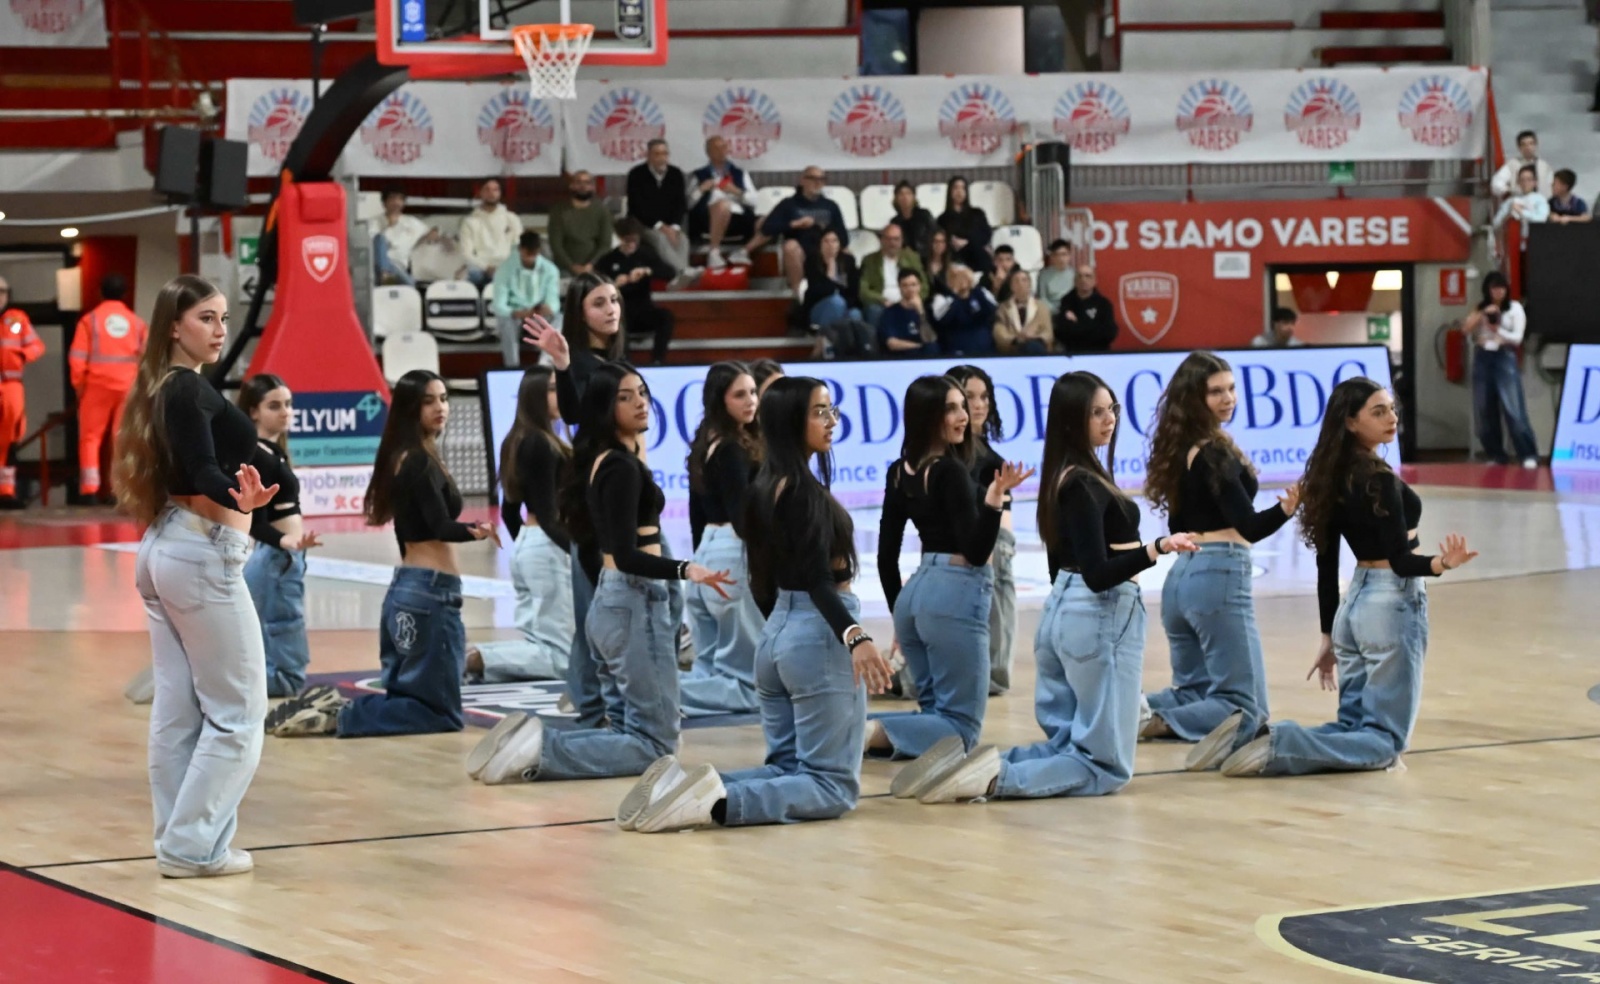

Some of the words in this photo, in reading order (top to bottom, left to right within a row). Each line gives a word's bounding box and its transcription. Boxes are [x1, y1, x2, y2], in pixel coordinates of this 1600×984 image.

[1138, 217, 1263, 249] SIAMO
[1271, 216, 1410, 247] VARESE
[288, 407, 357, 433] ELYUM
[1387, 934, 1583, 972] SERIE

──────────────────────────────

▸ EXERCISE DIRECTIONS
Repeat each entry exactly. Pictures do not belong in the copy.

▸ WORKED SOLUTION
Some of the words in this photo, in reading order (top to bottom, left to right within a row). Each line gives a word's bounding box and its transcription. Boxes are [x1, y1, x2, y2], in pixel coordinates of this 1600×984 image.

[1138, 217, 1263, 249] SIAMO
[1271, 216, 1410, 247] VARESE
[288, 407, 357, 433] ELYUM
[1387, 934, 1583, 972] SERIE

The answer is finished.